The Big Ten has a new commissioner, and he was formally introduced on Tuesday.
After thirty years of Jim Delany as commish, Minnesota Vikings chief operating officer Kevin Warren will be the new man in charge. Warren will grab the reigns in September, and Delaney’s last day on the job will be on January 1st, 2020.
“I am absolutely honored to become the sixth commissioner of the Big Ten, a conference with such rich history, tradition, and respect. The opportunity is an incredible and unique blend of my lifelong passion, commitment and experience,” Warren said in a statement. “Positively impacting the lives of young adults has always been part of the fabric of my family and I will work tirelessly with our member schools to ensure that we are providing every possible best in class resource to enhance our students’ educational and athletic experience, as well as empower them for success upon graduation. Jim Delany, our presidents, chancellors, athletic administrators, and coaches have created an extremely strong culture and foundation from which to build. I am very grateful to work alongside Jim as I transition into my role and work to hold true the respected values of the Big Ten, as we propel our conference into the future.”
During Warren’s introductory press conference he touched on how he got to where he is today. He shared an emotional story about being hit by a car when he was eleven years old and the doctor telling him his chances of walking again and playing sports wasn’t good. The doctor told him his best chance to walk would be to swim a lot. Warren used part of his settlement money to put a pool in his back yard. Warren overcame the odds and walked again, ultimately becoming a college hoops standout and Pennsylvania and Grand Canyon University.
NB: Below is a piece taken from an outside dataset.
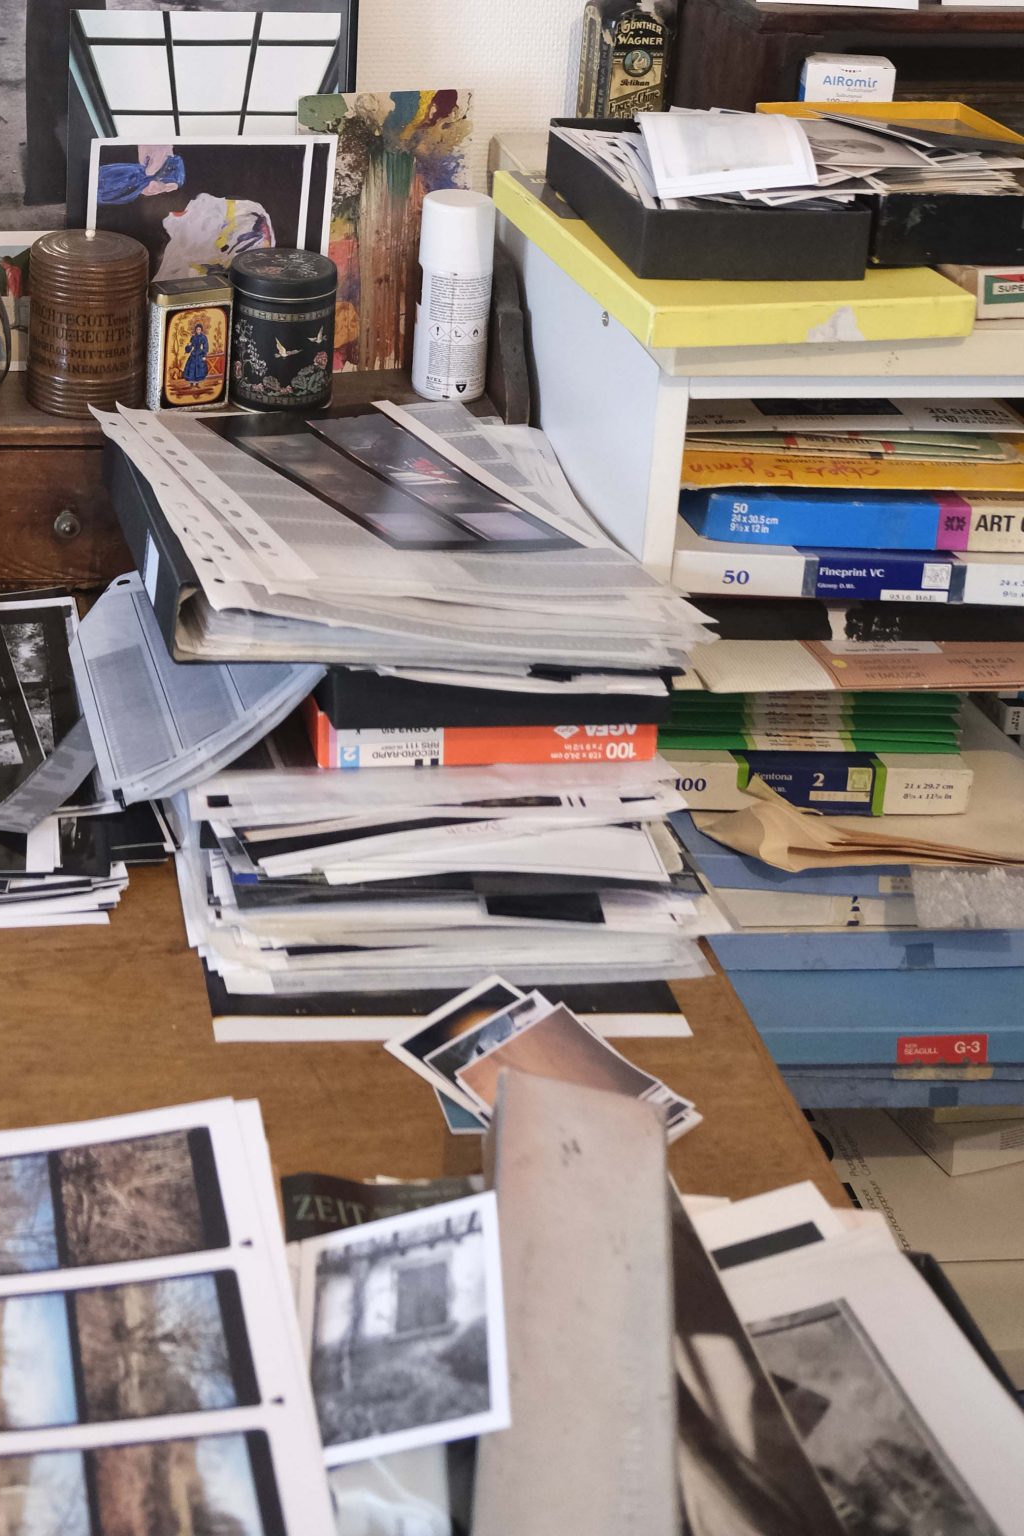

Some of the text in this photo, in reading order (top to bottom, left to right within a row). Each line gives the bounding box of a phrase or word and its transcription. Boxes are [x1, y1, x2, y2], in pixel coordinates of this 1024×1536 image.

Kevin Warren was hit by a car as an 11-year-old, and the doctor said his outlook was not good.— Big Ten Network (@BigTenNetwork) June 4, 2019
Warren asked the doctor what would help him. The doctor's answer? Swim.
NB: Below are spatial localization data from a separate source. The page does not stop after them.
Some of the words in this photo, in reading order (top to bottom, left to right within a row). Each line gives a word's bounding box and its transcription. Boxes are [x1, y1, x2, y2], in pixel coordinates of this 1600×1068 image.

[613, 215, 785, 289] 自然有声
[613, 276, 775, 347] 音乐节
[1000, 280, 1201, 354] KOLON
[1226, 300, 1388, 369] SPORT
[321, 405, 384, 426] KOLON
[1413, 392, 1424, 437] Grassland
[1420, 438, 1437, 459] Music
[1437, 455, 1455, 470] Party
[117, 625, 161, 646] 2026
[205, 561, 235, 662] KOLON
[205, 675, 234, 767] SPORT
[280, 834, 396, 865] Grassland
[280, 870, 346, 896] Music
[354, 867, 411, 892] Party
Warren paid for a pool in his backyard, practically lived in it, and uses the experience as motivation. pic.twitter.com/CACNY90J59
Warren talked about the people who helped him get to where he is today, including former St Louis Rams coach Dick Vermeil, who Warren called a second father. Warren worked with the Rams in a legal capacity, where he earned a Super Bowl ring as part of the organization.
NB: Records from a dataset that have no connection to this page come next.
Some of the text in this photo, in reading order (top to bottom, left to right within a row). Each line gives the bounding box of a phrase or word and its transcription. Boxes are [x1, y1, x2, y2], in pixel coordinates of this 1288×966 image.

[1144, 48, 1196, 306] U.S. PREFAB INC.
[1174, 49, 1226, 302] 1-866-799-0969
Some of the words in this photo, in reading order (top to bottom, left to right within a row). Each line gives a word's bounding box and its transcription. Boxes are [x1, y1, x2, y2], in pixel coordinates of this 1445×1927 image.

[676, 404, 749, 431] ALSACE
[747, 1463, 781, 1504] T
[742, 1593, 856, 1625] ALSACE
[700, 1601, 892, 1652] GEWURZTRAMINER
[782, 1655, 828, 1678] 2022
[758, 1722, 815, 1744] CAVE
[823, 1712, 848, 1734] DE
At Warren’s presser when he was asked about potential college football playoff expansion and student athlete compensation, he said he looked forward to having discussions about those topics at a later time. There’s still a learning curve for Warren, and he’s still not finished working for the Vikings, so it should come as no surprise he is taking his time to come up with conclusions about the most pressing issues in collegiate athletics
“That’s a big topic I’ve thought about and I’ll say this, at the appropriate time when we can have some time to sit down I would love to share my thoughts with you and talk in the details about it,” Warren said about player compensation. “This is a great time in college athletics and there are many issues, that being one of them, that we need to address.”
Warren becomes the first black Power-5 commissioner and will usher in a new era of Big Ten athletics. “It is definitely not lost on me, the history associated with this,” Warren said. “I have some key pictures on my wall that I look at every single day thanks to my wife. I have a picture of Curt Flood, who was an African American pioneer in baseball and who really stood up for free agency. I have a picture right in front of my desk of Jackie Robinson. I have a picture of Dr. King. I have a picture of the 1966 Texas Western basketball team, the first time five black student athletes won a national title when they beat Kentucky.”